Exercise aim: Keep each entry exactly as written when you repeat it, and skip the images.

Data under study:

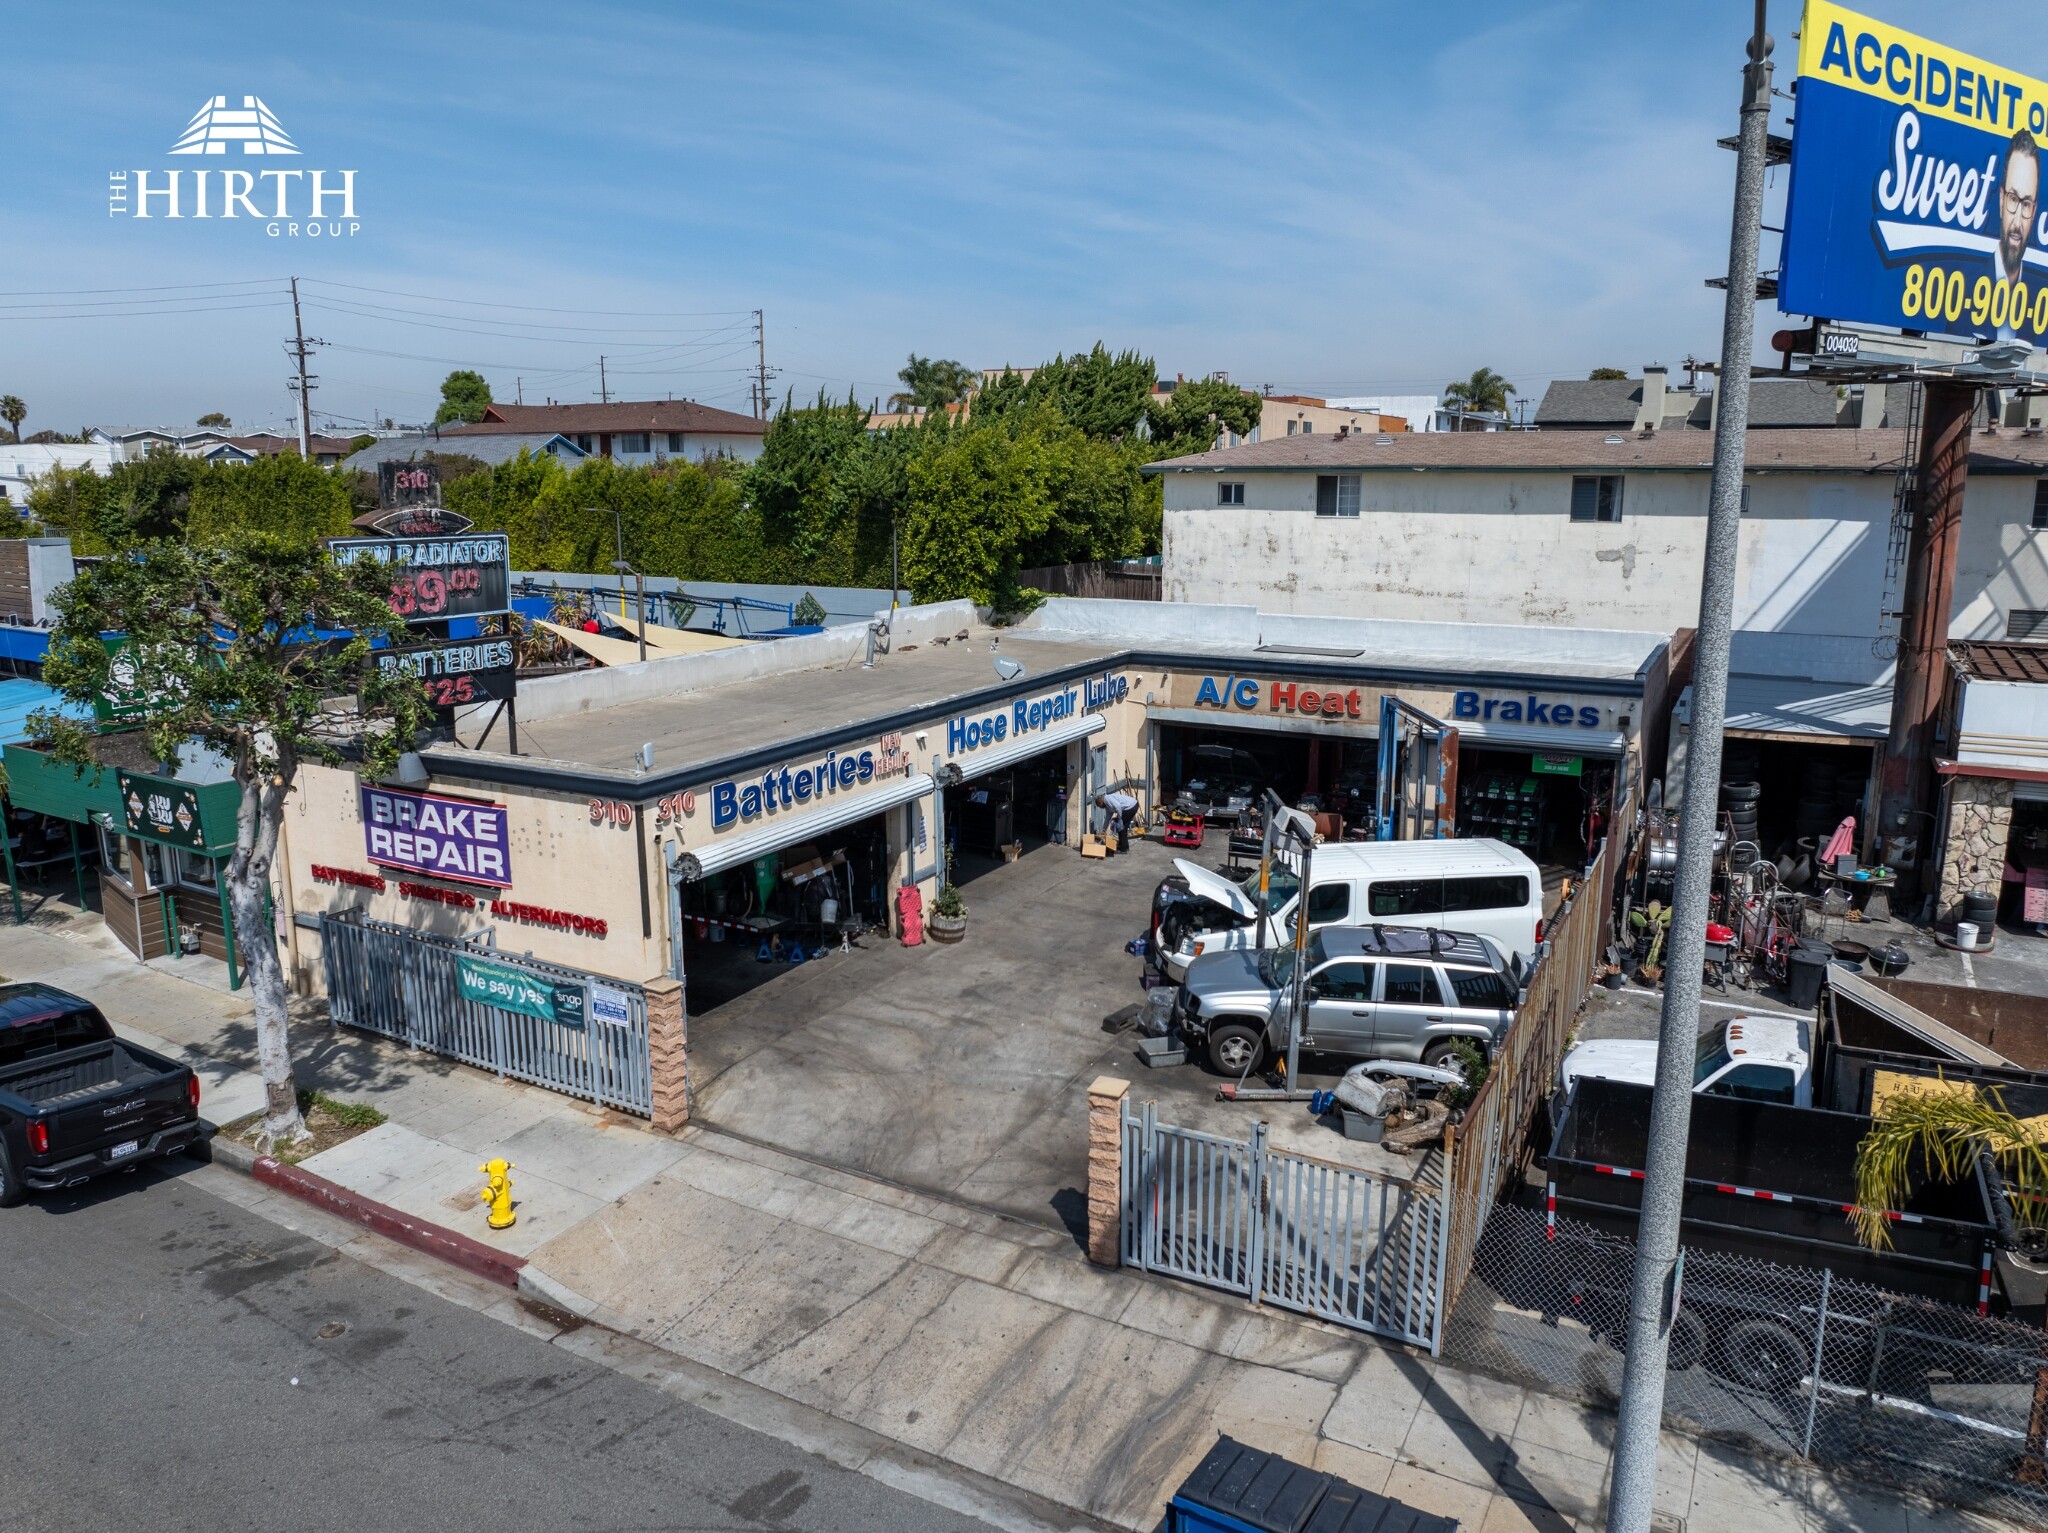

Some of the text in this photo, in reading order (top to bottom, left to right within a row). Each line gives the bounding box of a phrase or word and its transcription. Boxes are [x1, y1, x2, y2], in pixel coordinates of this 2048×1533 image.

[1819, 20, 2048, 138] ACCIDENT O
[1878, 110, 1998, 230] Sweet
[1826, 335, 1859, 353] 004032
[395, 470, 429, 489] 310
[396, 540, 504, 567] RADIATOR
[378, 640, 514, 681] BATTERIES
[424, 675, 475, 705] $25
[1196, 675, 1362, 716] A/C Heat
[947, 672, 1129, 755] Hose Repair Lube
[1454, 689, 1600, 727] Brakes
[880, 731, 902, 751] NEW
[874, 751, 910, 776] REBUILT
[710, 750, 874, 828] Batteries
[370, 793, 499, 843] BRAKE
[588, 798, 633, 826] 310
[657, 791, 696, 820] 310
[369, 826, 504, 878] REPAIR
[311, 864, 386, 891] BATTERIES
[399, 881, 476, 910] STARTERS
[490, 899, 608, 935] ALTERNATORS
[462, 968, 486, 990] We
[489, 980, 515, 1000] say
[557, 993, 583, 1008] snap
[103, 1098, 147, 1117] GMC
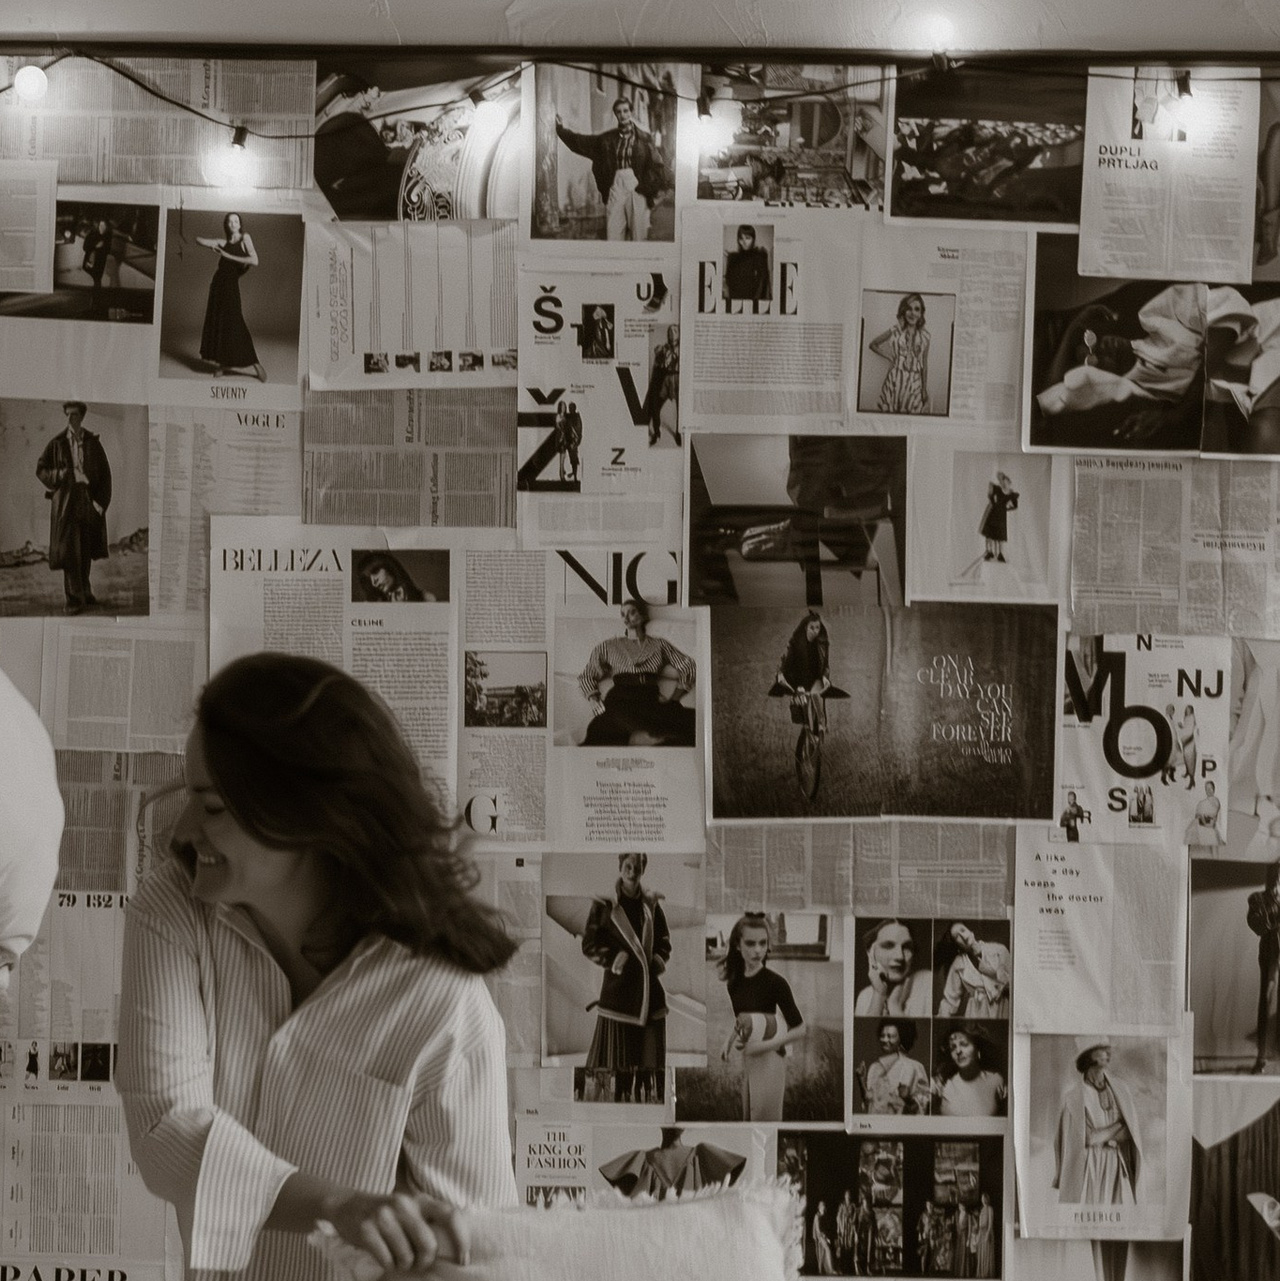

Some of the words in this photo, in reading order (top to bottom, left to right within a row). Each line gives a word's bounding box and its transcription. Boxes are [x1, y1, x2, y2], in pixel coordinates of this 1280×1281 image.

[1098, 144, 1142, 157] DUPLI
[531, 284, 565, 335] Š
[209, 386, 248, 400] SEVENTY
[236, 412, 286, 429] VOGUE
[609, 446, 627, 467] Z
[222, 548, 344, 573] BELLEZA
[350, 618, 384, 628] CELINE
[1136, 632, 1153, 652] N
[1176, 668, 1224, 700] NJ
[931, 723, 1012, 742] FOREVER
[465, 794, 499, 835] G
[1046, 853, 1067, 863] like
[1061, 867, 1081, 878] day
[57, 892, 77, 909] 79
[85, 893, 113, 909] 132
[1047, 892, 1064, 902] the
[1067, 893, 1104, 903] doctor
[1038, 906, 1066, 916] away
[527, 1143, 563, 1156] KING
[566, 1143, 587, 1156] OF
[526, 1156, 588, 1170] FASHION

Task response:
Some of the text in this photo, in reading order (top to bottom, left to right within a row). Each line gives the bounding box of a phrase or word and its transcription. Boxes are [x1, y1, x2, y2], in pixel coordinates of this 2048×1533 image.

[1819, 20, 2048, 138] ACCIDENT O
[1878, 110, 1998, 230] Sweet
[1826, 335, 1859, 353] 004032
[395, 470, 429, 489] 310
[396, 540, 504, 567] RADIATOR
[378, 640, 514, 681] BATTERIES
[424, 675, 475, 705] $25
[1196, 675, 1362, 716] A/C Heat
[947, 672, 1129, 755] Hose Repair Lube
[1454, 689, 1600, 727] Brakes
[880, 731, 902, 751] NEW
[874, 751, 910, 776] REBUILT
[710, 750, 874, 828] Batteries
[370, 793, 499, 843] BRAKE
[588, 798, 633, 826] 310
[657, 791, 696, 820] 310
[369, 826, 504, 878] REPAIR
[311, 864, 386, 891] BATTERIES
[399, 881, 476, 910] STARTERS
[490, 899, 608, 935] ALTERNATORS
[462, 968, 486, 990] We
[489, 980, 515, 1000] say
[557, 993, 583, 1008] snap
[103, 1098, 147, 1117] GMC

Some of the words in this photo, in reading order (top to bottom, left to right within a row). Each line gives a word's bounding box and its transcription. Boxes are [x1, y1, x2, y2], in pixel coordinates of this 1280×1281 image.

[1098, 144, 1142, 157] DUPLI
[531, 284, 565, 335] Š
[209, 386, 248, 400] SEVENTY
[236, 412, 286, 429] VOGUE
[609, 446, 627, 467] Z
[222, 548, 344, 573] BELLEZA
[350, 618, 384, 628] CELINE
[1136, 632, 1153, 652] N
[1176, 668, 1224, 700] NJ
[931, 723, 1012, 742] FOREVER
[465, 794, 499, 835] G
[1046, 853, 1067, 863] like
[1061, 867, 1081, 878] day
[57, 892, 77, 909] 79
[85, 893, 113, 909] 132
[1047, 892, 1064, 902] the
[1067, 893, 1104, 903] doctor
[1038, 906, 1066, 916] away
[527, 1143, 563, 1156] KING
[566, 1143, 587, 1156] OF
[526, 1156, 588, 1170] FASHION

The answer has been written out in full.